1. Carol Watts, Dockfield (Cambridge, UK: Equipage, 2017), 1.

2. Timothy Morton, “Queer Ecology,” guest column, PMLA 125, no. 2 (2010): 273–82.

3. For a reading of the “immunization paradigm” of politics and why liberal states preserve a form of death-making function within themselves as inoculation from greater harms of illiberalism, see Roberto Esposito’s Bios (Minneapolis: University of Minnesota Press, 2004).
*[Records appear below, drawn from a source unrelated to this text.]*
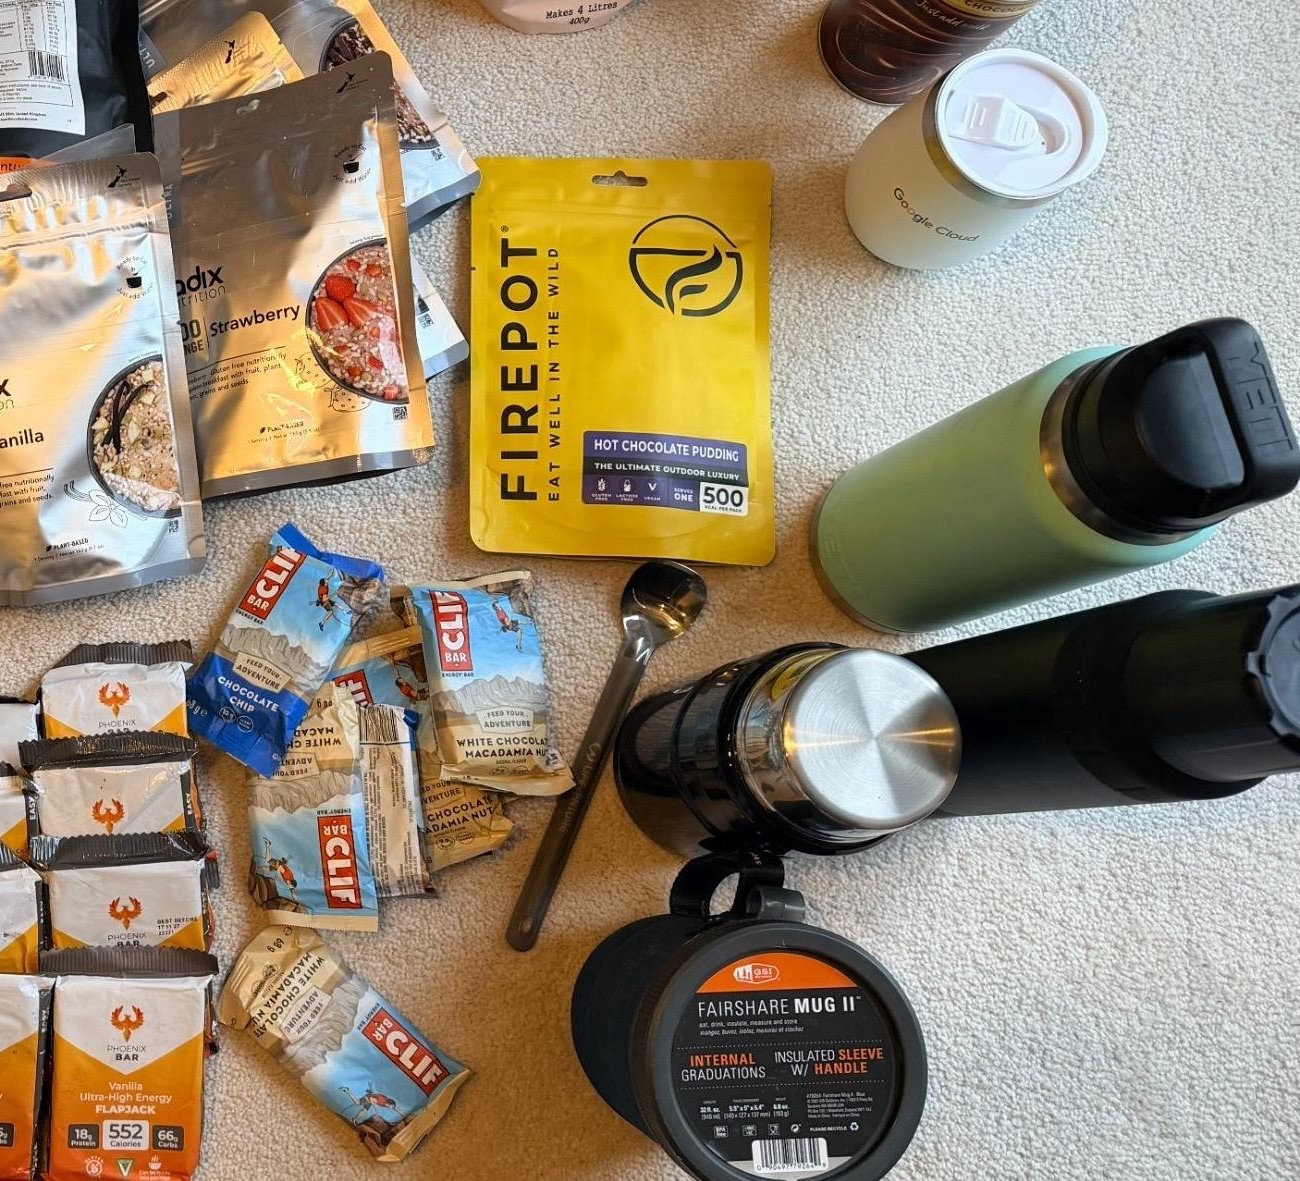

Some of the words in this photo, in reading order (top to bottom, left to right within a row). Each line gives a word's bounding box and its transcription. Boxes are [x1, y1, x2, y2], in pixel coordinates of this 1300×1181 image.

[546, 8, 574, 19] Makes
[577, 5, 584, 14] 4
[588, 1, 618, 12] Litres
[569, 17, 591, 25] 400g
[893, 187, 934, 229] Google
[935, 226, 980, 242] Cloud
[548, 248, 560, 297] WILD
[210, 302, 301, 338] Strawberry
[548, 310, 560, 349] THE
[500, 237, 539, 501] FIREPOT
[548, 362, 561, 382] IN
[548, 394, 561, 449] WELL
[594, 438, 619, 452] HOT
[621, 440, 690, 457] CHOCOLATE
[692, 445, 740, 463] PUDDING
[594, 462, 613, 471] THE
[615, 463, 661, 473] ULTIMATE
[663, 466, 706, 478] OUTDOOR
[707, 471, 741, 482] LUXURY
[0, 480, 14, 491] free
[548, 461, 561, 502] EAT
[14, 488, 30, 499] with
[674, 494, 694, 503] ONE
[702, 487, 744, 507] 500
[247, 594, 270, 612] BAR
[444, 651, 467, 663] BAR
[236, 664, 280, 691] ADVENTURE
[217, 675, 280, 713] CHOCOLATE
[229, 696, 256, 713] CHIP
[487, 710, 506, 719] FEED
[506, 710, 525, 718] YOUR
[98, 718, 137, 729] PHOENIX
[483, 719, 531, 729] ADVENTURE
[457, 738, 493, 748] WHITE
[465, 748, 534, 759] MACADAMIA
[427, 794, 494, 824] CHOCOLATE
[323, 825, 349, 836] BAR
[325, 836, 358, 904] CLIF
[106, 932, 147, 943] PHOENIX
[753, 968, 773, 976] GSI
[698, 998, 789, 1018] FAIRSHARE
[794, 996, 836, 1015] MUG
[842, 995, 855, 1012] II
[106, 1044, 147, 1053] PHOENIX
[774, 1049, 835, 1064] INSULATED
[838, 1047, 885, 1061] SLEEVE
[115, 1052, 139, 1062] BAR
[384, 1030, 444, 1087] CLIF
[690, 1052, 756, 1068] INTERNAL
[681, 1066, 766, 1082] GRADUATIONS
[791, 1062, 808, 1077] W/
[814, 1061, 868, 1075] HANDLE
[108, 1081, 144, 1092] Vanilla
[79, 1093, 134, 1102] Ultra-High
[135, 1093, 173, 1104] Energy
[95, 1104, 156, 1115] FLAPJACK
[108, 1123, 144, 1140] 552
[71, 1139, 97, 1148] Protein
[110, 1139, 142, 1148] Calories
[157, 1140, 179, 1150] Carbs
While Watts does not attend to the political proximities between forms of ecological and social violence in tremendous detail, Dockfield could be read alongside Esposito for a further complication of the presentation of nonhuman bodies under duress. 

4. See Donna Haraway, “Tentacular Thinking: Anthropocene, Capitalocene, Chthulucene,” in Staying with the Trouble: Making Kin in the Chthulucene (Durham, NC: Duke University Press, 2016).